Si les Cergypontains peuvent aujourd’hui se promener dans le bois de Cergy, ils le doivent au… phylloxera. Ce puceron, qui ravagea les vignes de toute l’Europe dans la deuxième moitié du 19e siècle, a précipité l’abandon de la viticulture dans la boucle de l’Oise. Mais, une fois la vigne abandonnée, ces terres sableuses et argileuses ne conviennent pas à d’autres cultures. Elles sont progressivement envahies par des arbres, essentiellement des robiniers (ou faux acacias) et des chênes.
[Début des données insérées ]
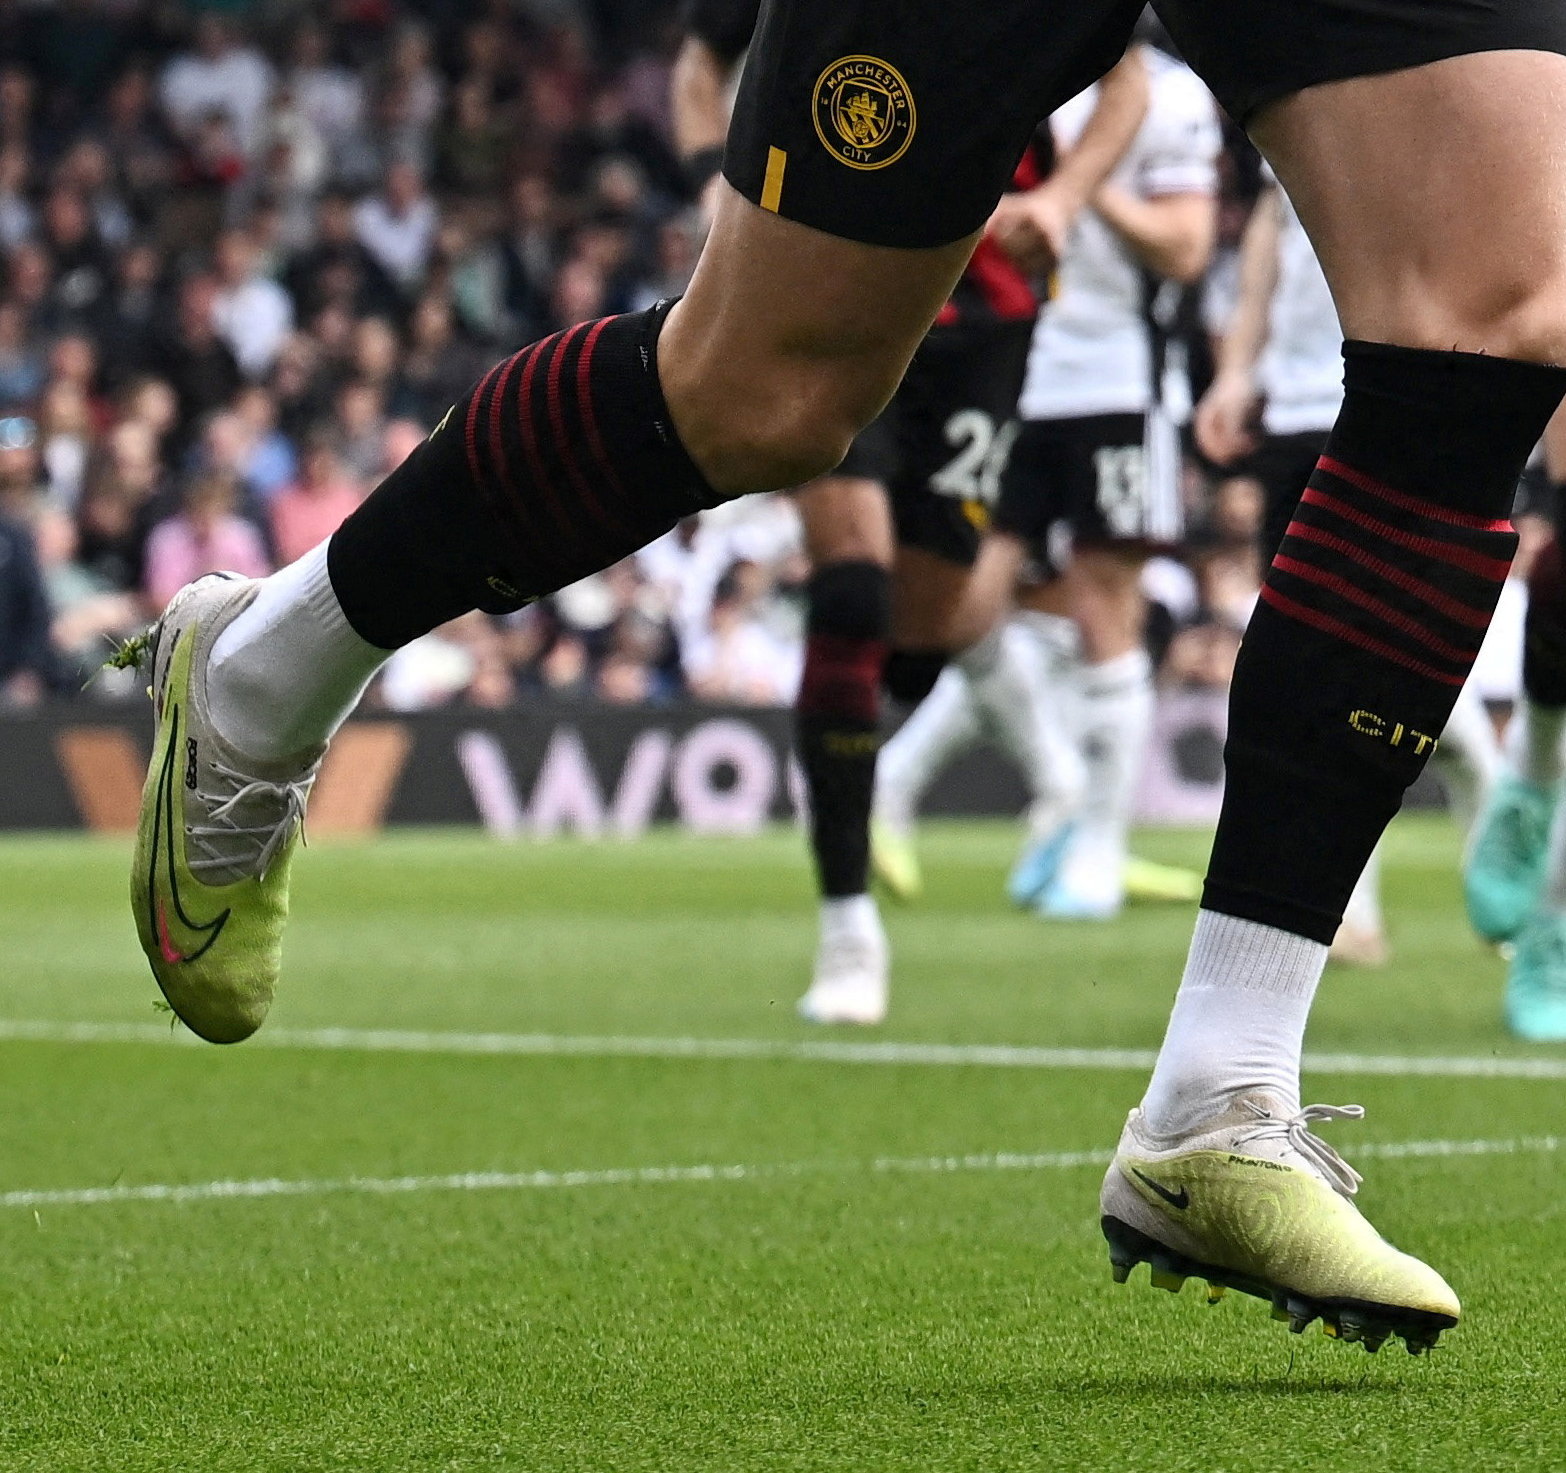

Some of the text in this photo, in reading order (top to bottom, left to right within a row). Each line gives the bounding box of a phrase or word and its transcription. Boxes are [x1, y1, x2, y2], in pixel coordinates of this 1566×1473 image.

[826, 64, 906, 109] MANCHESTER
[842, 145, 871, 162] CITY
[1348, 709, 1438, 755] CIT
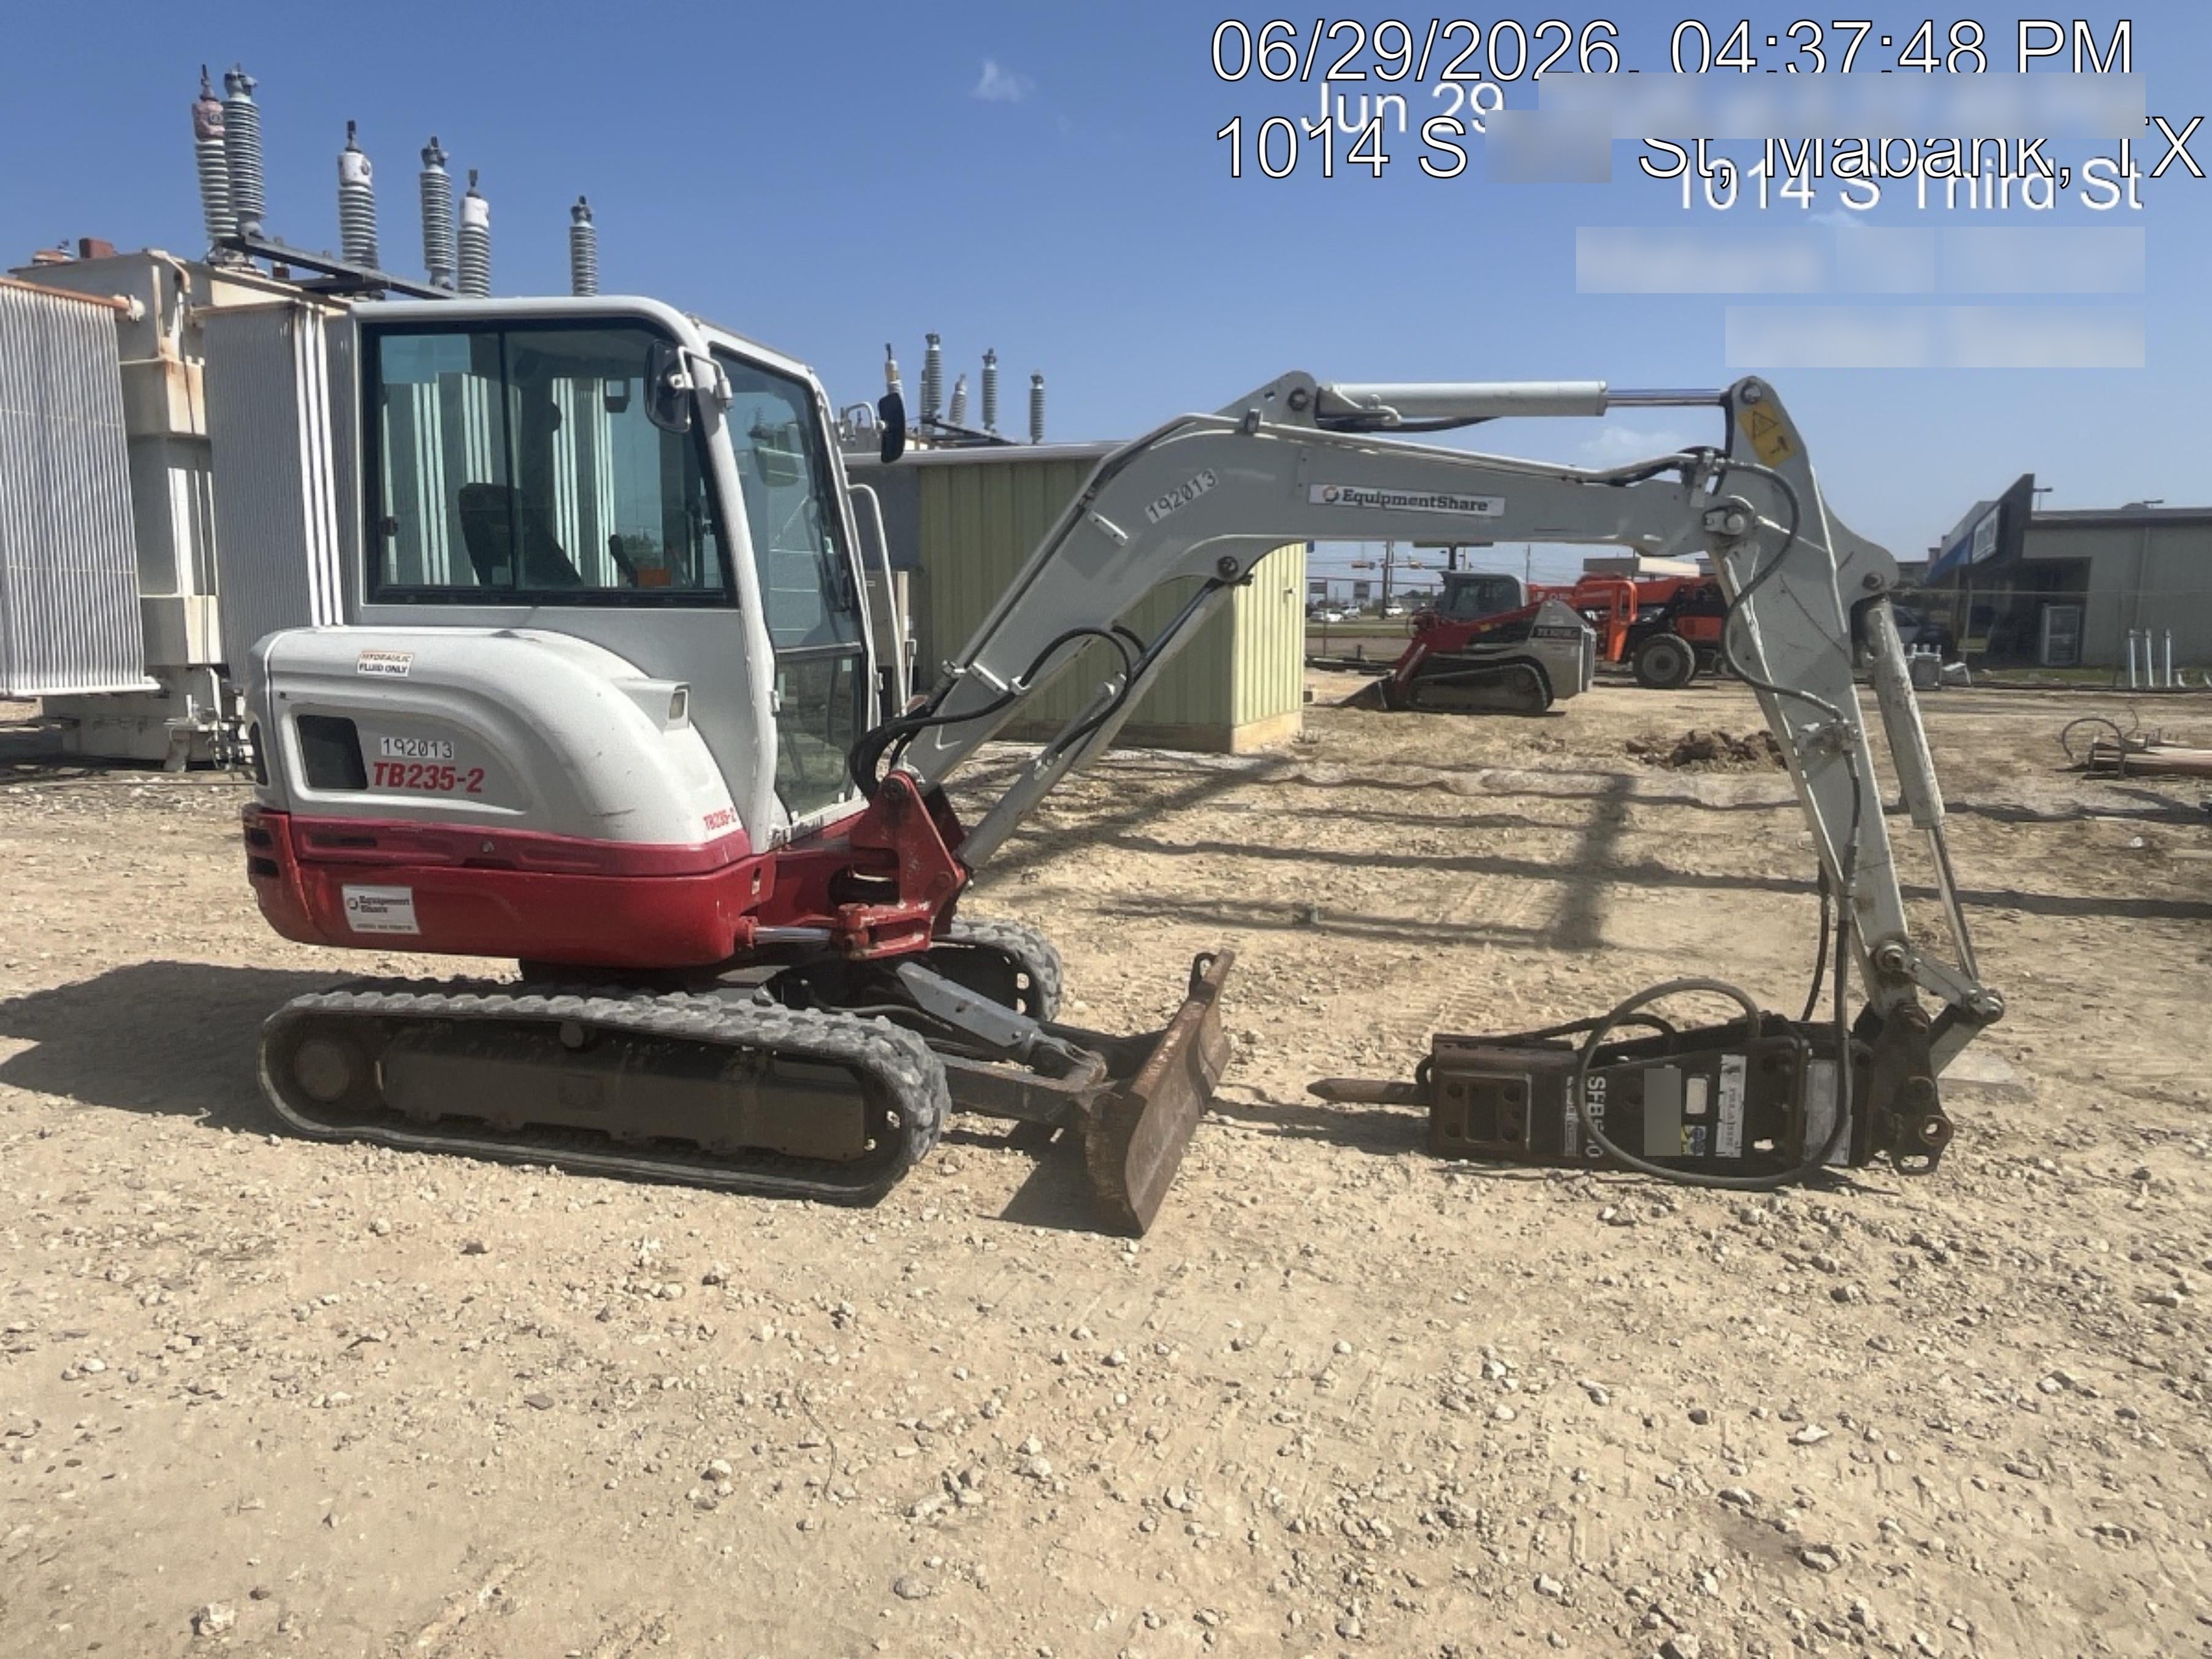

Des naturistes aux militaires
Mais l’histoire du bois de Cergy est en réalité bien plus ancienne. Il y a 65 millions d’années, toute la région était recouverte par une mer tropicale, qui s’étendait jusqu’aux emplacements actuels de Fontainebleau et d’Étampes. À l’époque, Cergy est sans doute une plage… Plus tard – il y a deux millions d’années –, le bois de Cergy se trouve au confluent de l’Oise et de la Seine. C’est alors un peu le Conflans-Sainte-Honorine de l’époque ! Très lointaine, cette histoire a pourtant laissé de nombreuses traces dans le sous-sol du bois. Des fouilles menées dès 1876 sur le site de la Ballastière et poursuivies jusqu’en 1969, ont mis à jour la trace des hommes du Paléolithique : outils de pierre taillée, lames, burins, pierres polies… Plus près de nous – dans les années 1930 –, la propriété de la Ballastière est rachetée par un club naturiste parisien. L’endroit est isolé et donc propice à une communion avec la nature. Après les naturistes, on y trouve plutôt des… militaires, qui utilisent le bois comme terrain de manœuvre.

Juju est arrivé…
Lorsque la ville nouvelle s’installe au début des années 1970, le premier quartier à sortir de terre est celui de Cergy Sud. Il jouxte le bois, ce qui lui vaut rapidement le nom de l’Orée du bois. Le terme est poétique, mais le bois est alors en piteux état. Il sert en partie de décharge et on y trouve nombre de carcasses de voitures. Un temps, il est même envisagé de le raser. Mais Bernard Hirsch, le directeur de l’Établissement public d’aménagement (EPA) de la ville nouvelle, décide finalement de le sauver. Intervient alors un homme providentiel : Dominique Juglar, le paysagiste de la ville nouvelle. Il restaure et aménage le bois. On lui doit bien sur la « Butte à Juju » – ainsi nommée familièrement en son honneur et réalisée avec les déblais des chantiers de l’autoroute A15 et de la préfecture –, mais aussi la plaine de jeux ou l’alignement des tilleuls sur le chemin de Chasse-marée. Aujourd’hui, le bois de Cergy est la propriété de l’agglomération, qui en assure l’entretien.